- _Problem to work on_: Please repeat the data below exactly, with the pictures removed.

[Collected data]
----
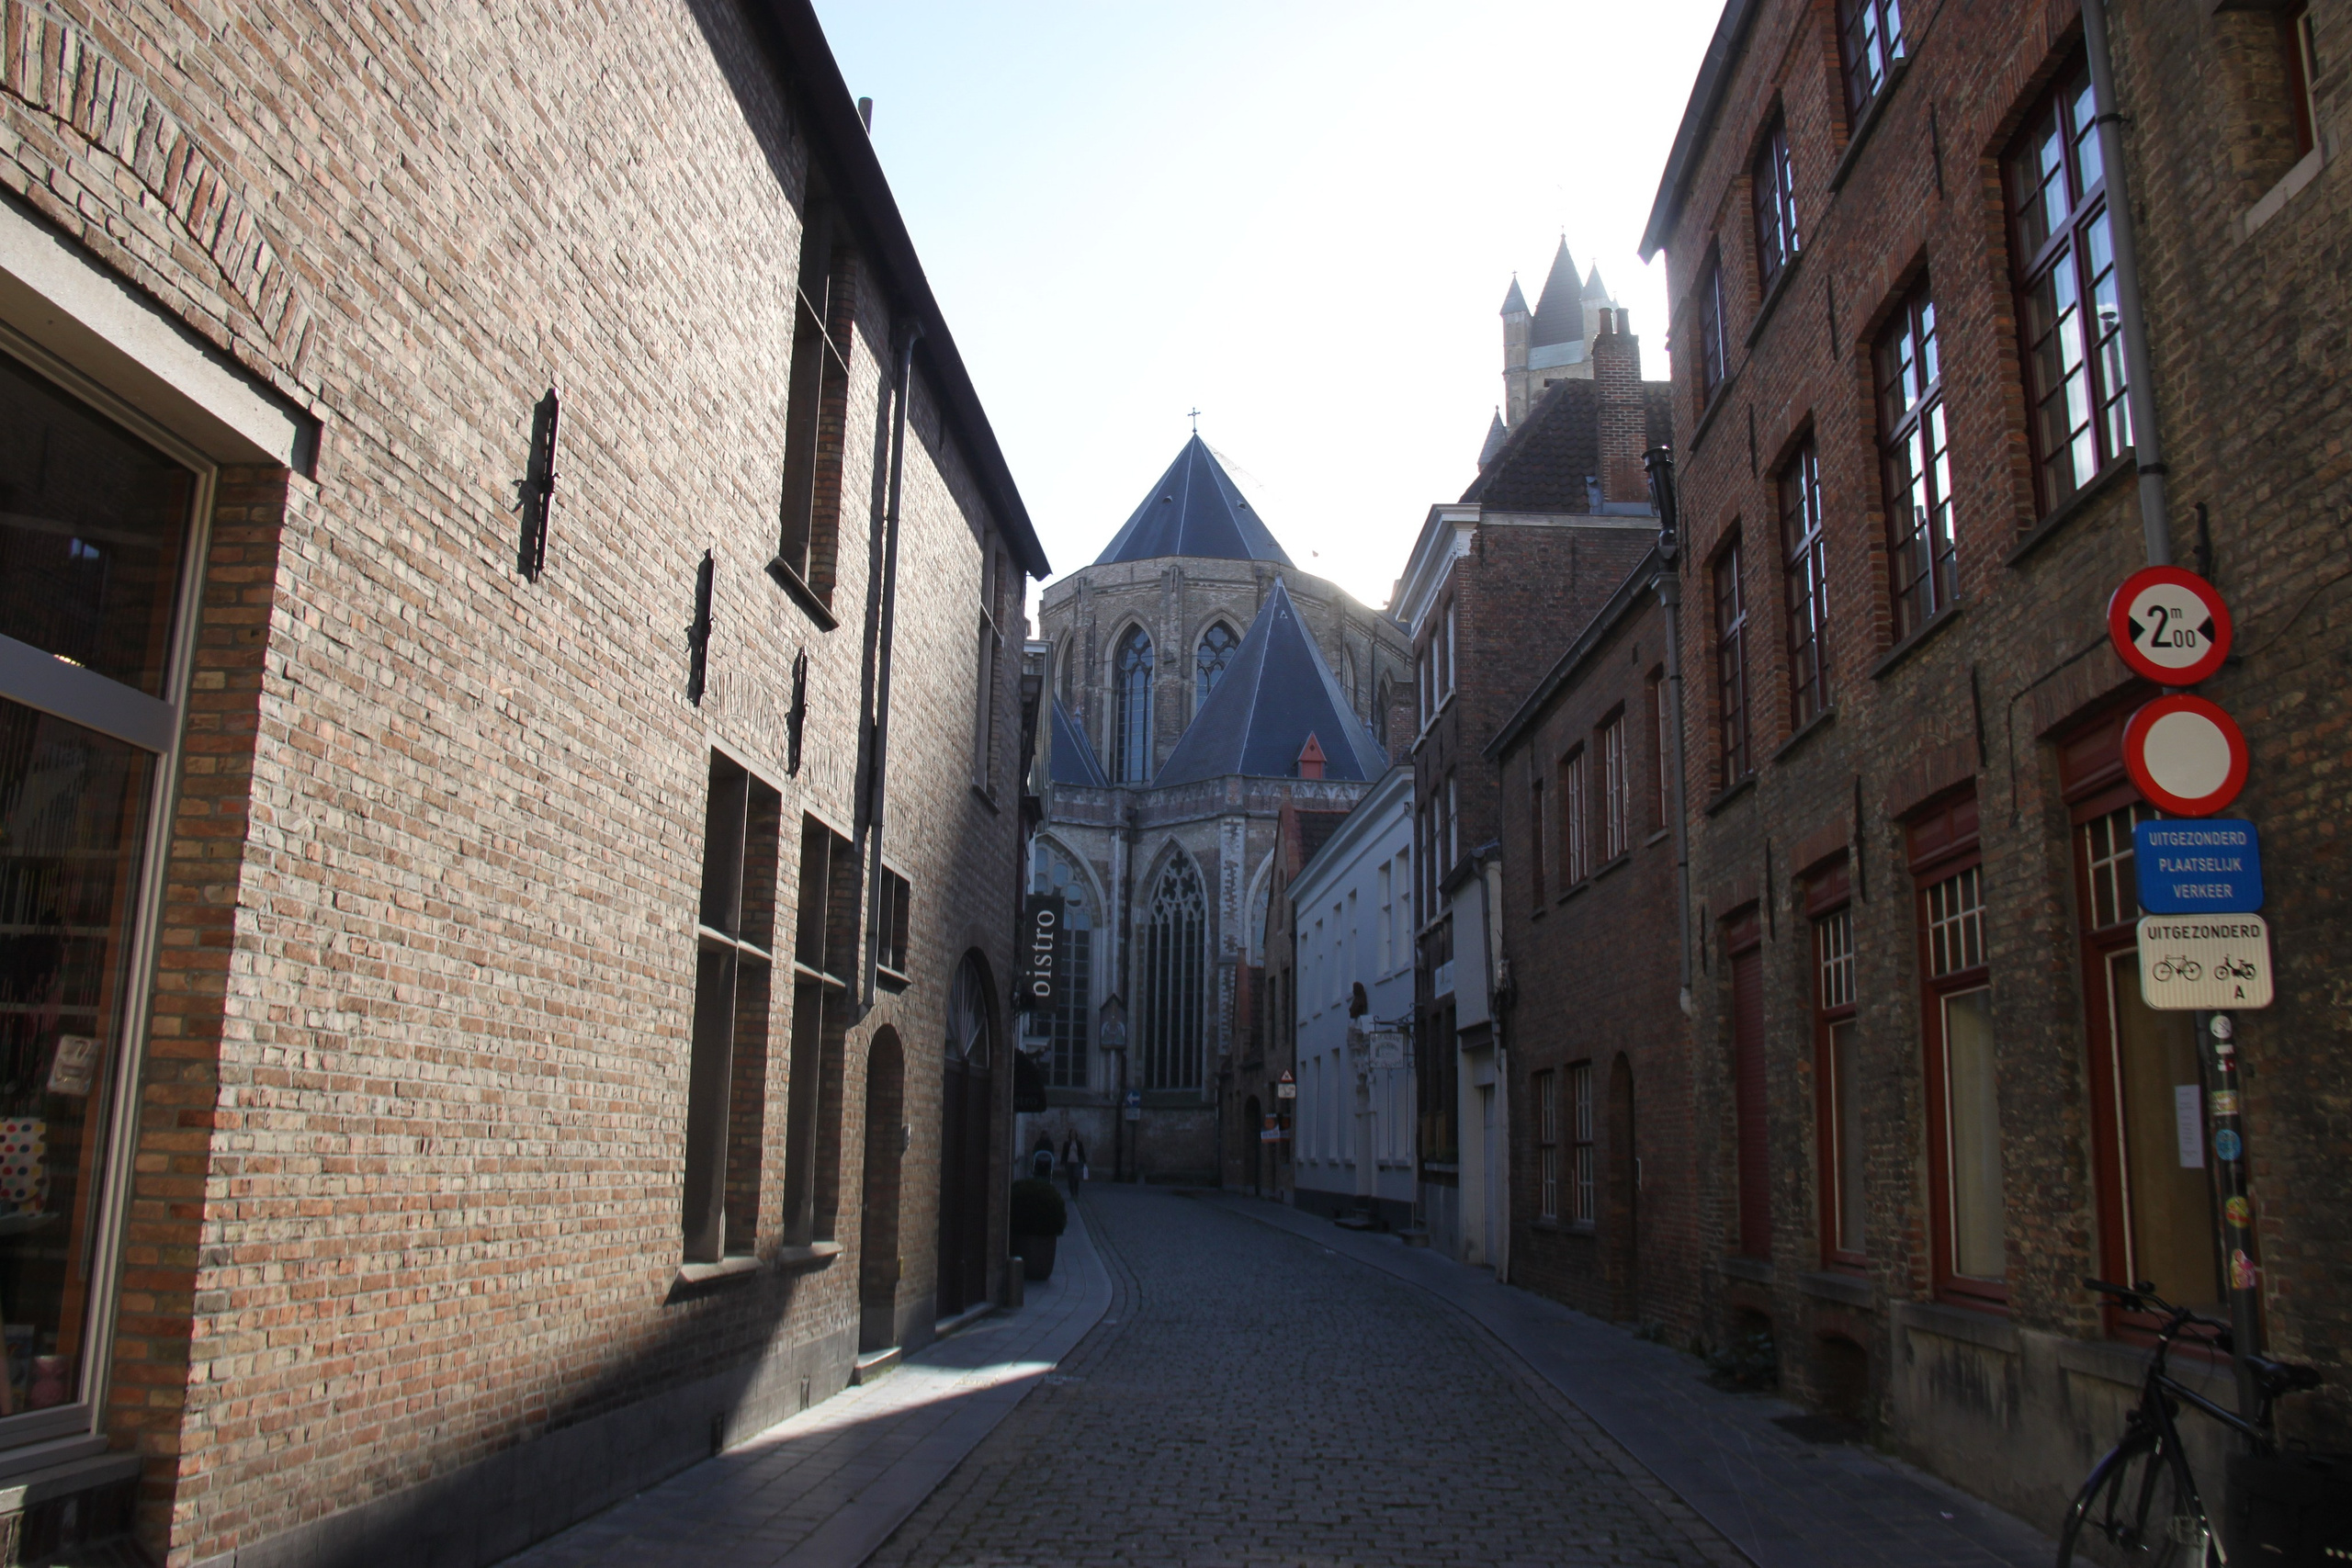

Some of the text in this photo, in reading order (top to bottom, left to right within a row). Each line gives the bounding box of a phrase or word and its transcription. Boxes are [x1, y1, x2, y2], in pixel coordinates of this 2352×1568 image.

[2148, 831, 2247, 846] UITGEZONDERD
[2158, 858, 2243, 872] PLAATSELIJK
[2172, 884, 2233, 898] VERKEER
[2147, 924, 2260, 941] UITGEZONDERD
[2233, 986, 2245, 998] A
----
- _Answer space_:
Some of the text in this photo, in reading order (top to bottom, left to right within a row). Each line gives the bounding box of a phrase or word and its transcription. Boxes are [x1, y1, x2, y2], in pixel coordinates of this 2352×1568 image.

[2148, 831, 2247, 846] UITGEZONDERD
[2158, 858, 2243, 872] PLAATSELIJK
[2172, 884, 2233, 898] VERKEER
[2147, 924, 2260, 941] UITGEZONDERD
[2233, 986, 2245, 998] A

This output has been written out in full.